### PROBLEM TO SOLVE
Exact transcription with no images: write out all of the entries below.

[[ RECORDS FOR PROCESSING open ]]

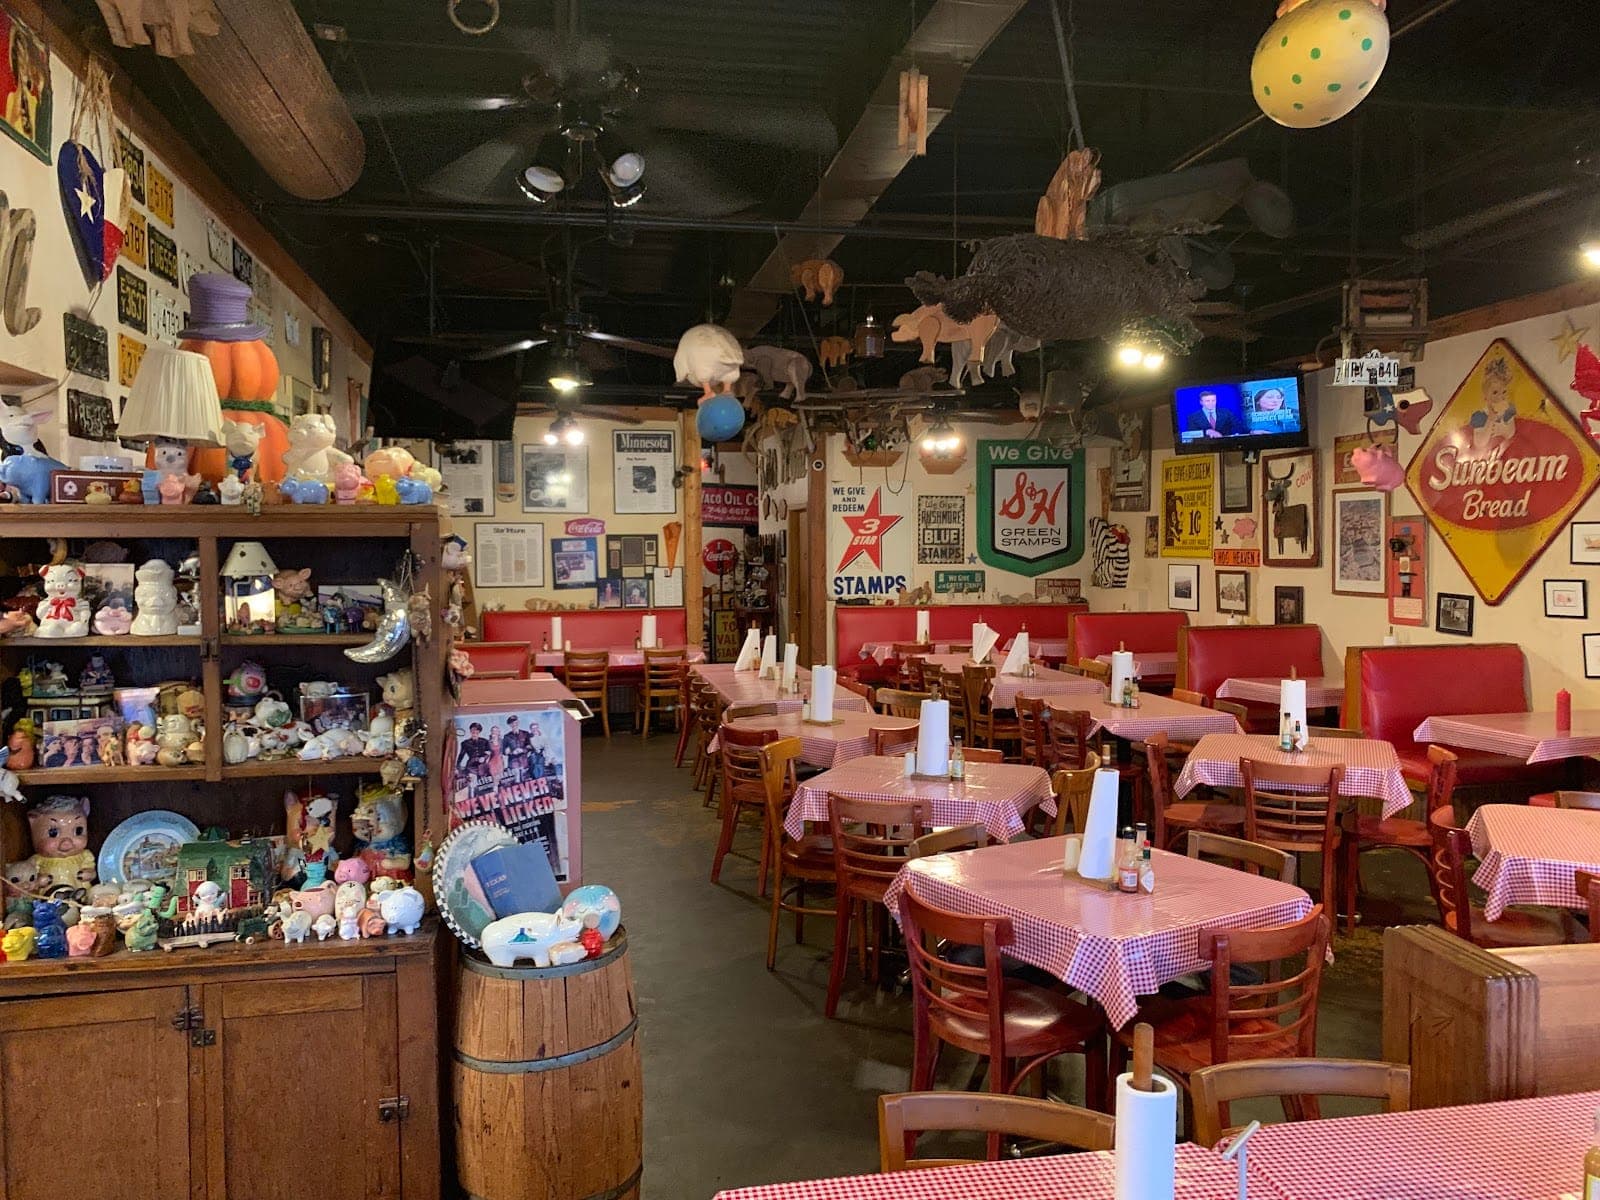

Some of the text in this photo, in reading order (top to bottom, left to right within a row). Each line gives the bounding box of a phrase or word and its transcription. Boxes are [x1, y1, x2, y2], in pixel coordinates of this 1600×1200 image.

[620, 433, 668, 449] Minnesota
[989, 446, 1074, 460] We Give
[1428, 446, 1569, 491] Sunbeam
[832, 487, 865, 495] WE GIVE
[998, 471, 1065, 526] S&H
[832, 504, 865, 512] REDEEM
[1462, 489, 1531, 520] Bread
[858, 518, 880, 535] 3
[1001, 528, 1061, 537] GREEN
[852, 535, 877, 545] STAR
[924, 529, 959, 545] BLUE
[1001, 538, 1062, 546] STAMPS
[921, 547, 961, 559] STAMPS
[833, 575, 906, 595] STAMPS
[501, 777, 550, 805] NEVER
[502, 796, 554, 826] LICKED
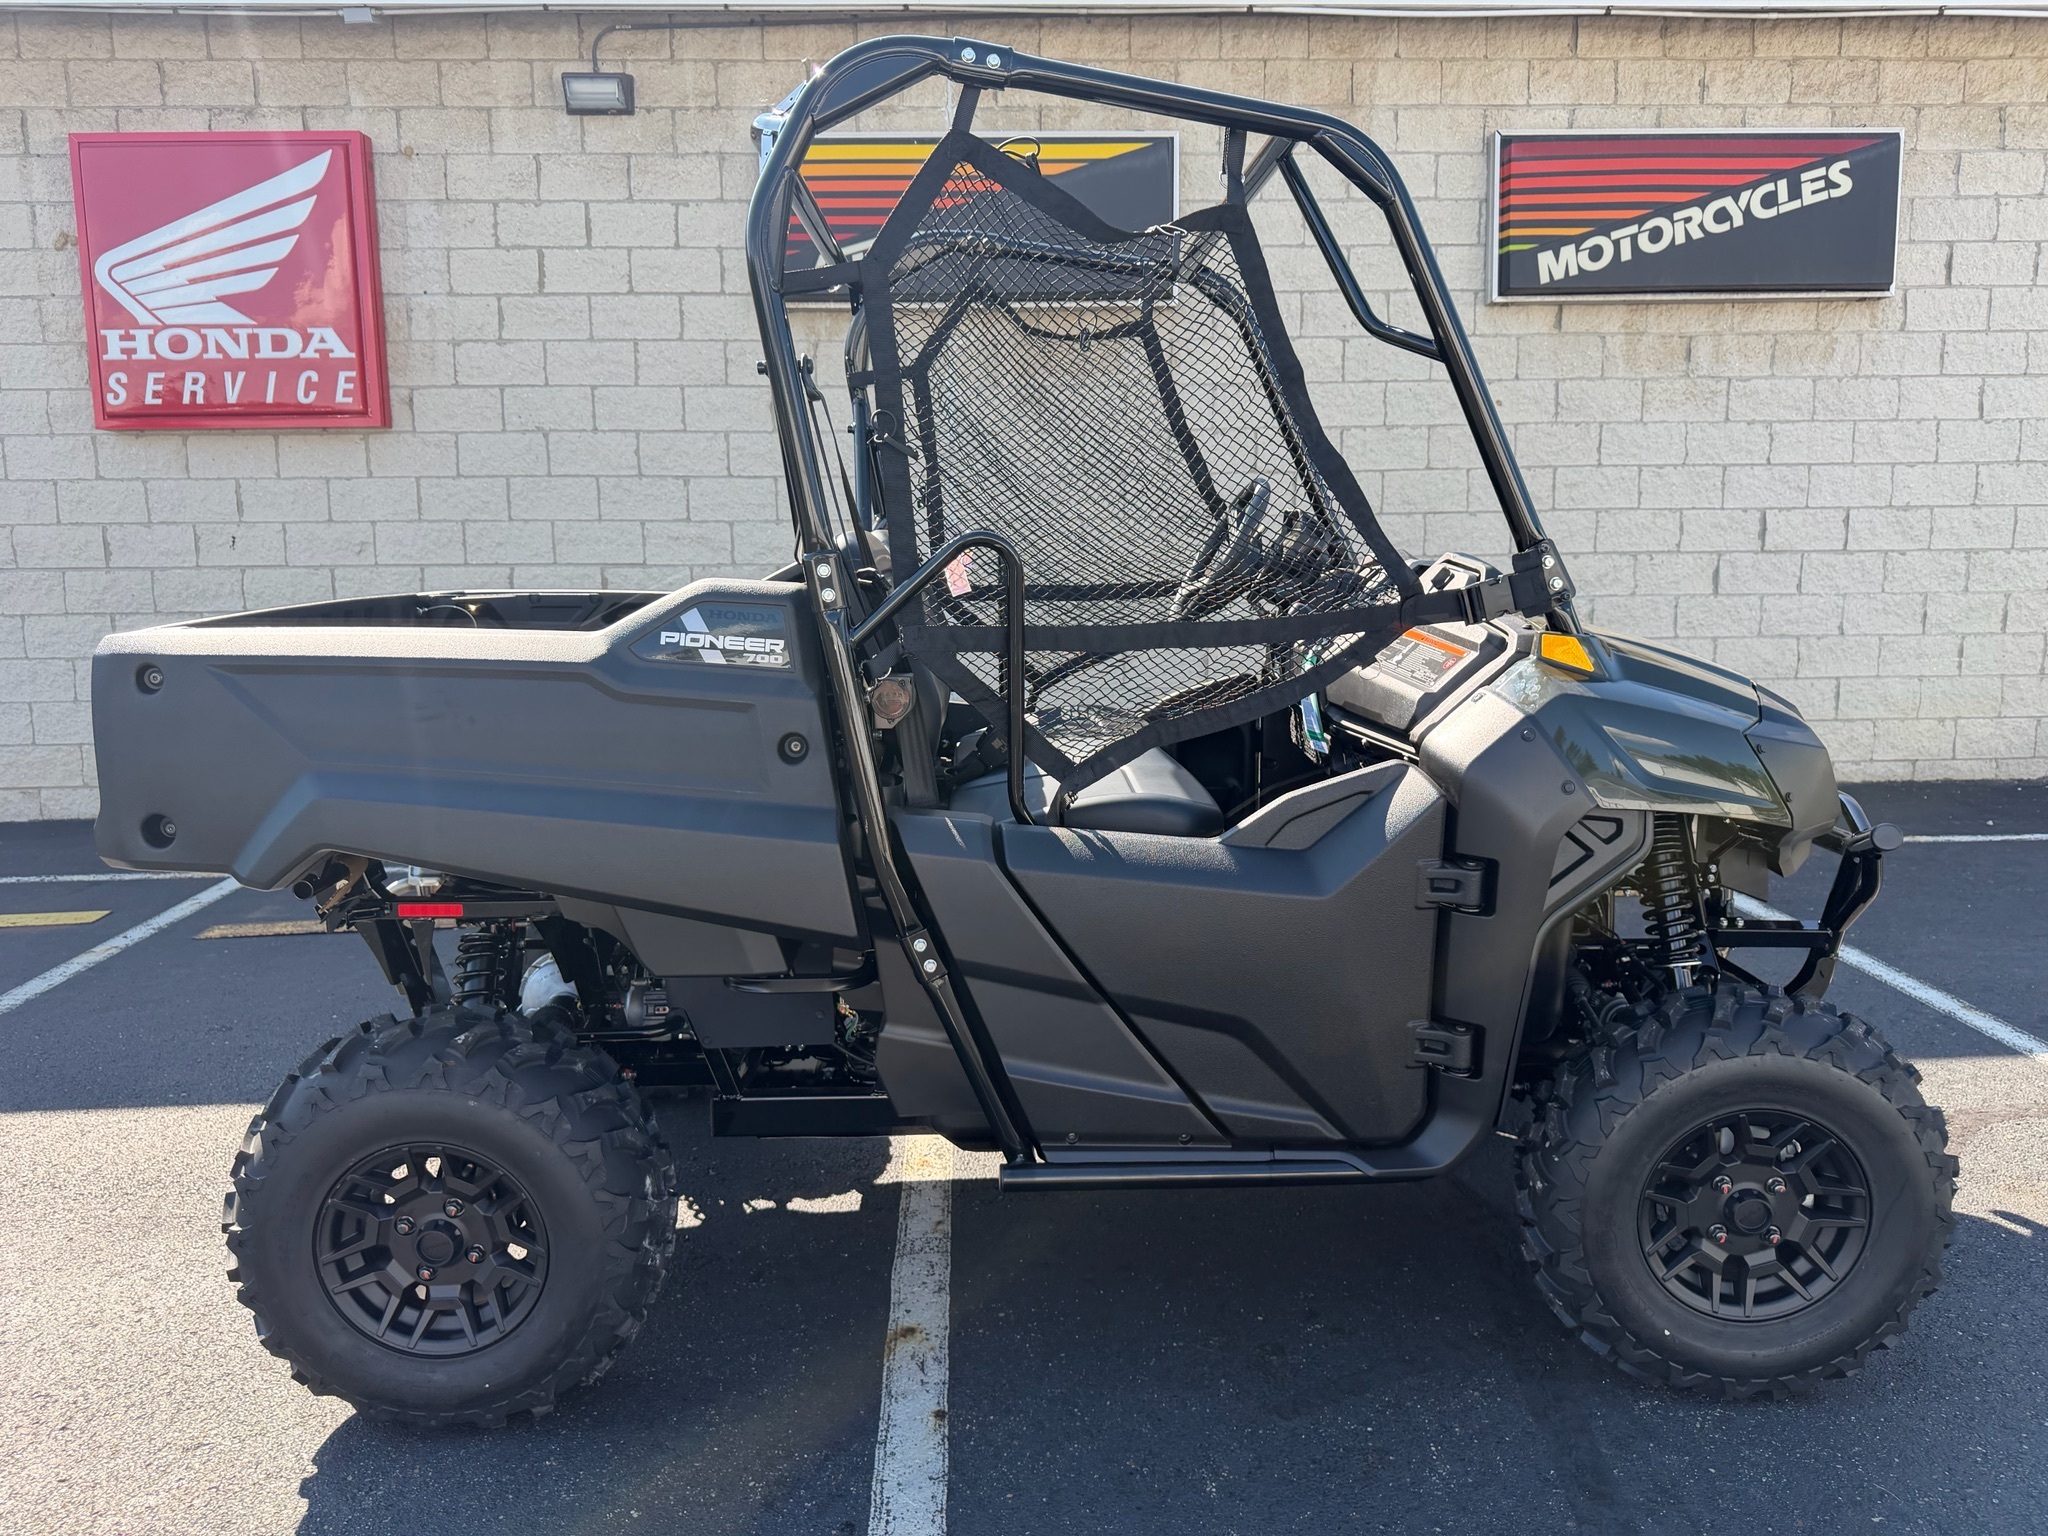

[[ RECORDS FOR PROCESSING closed ]]

### THE ANSWER
Some of the text in this photo, in reading order (top to bottom, left to right within a row). Each line gives the bounding box of a phrase or word and its transcription. Boxes are [x1, y1, x2, y2], in pixel coordinates of this 1600×1200 image.

[620, 433, 668, 449] Minnesota
[989, 446, 1074, 460] We Give
[1428, 446, 1569, 491] Sunbeam
[832, 487, 865, 495] WE GIVE
[998, 471, 1065, 526] S&H
[832, 504, 865, 512] REDEEM
[1462, 489, 1531, 520] Bread
[858, 518, 880, 535] 3
[1001, 528, 1061, 537] GREEN
[852, 535, 877, 545] STAR
[924, 529, 959, 545] BLUE
[1001, 538, 1062, 546] STAMPS
[921, 547, 961, 559] STAMPS
[833, 575, 906, 595] STAMPS
[501, 777, 550, 805] NEVER
[502, 796, 554, 826] LICKED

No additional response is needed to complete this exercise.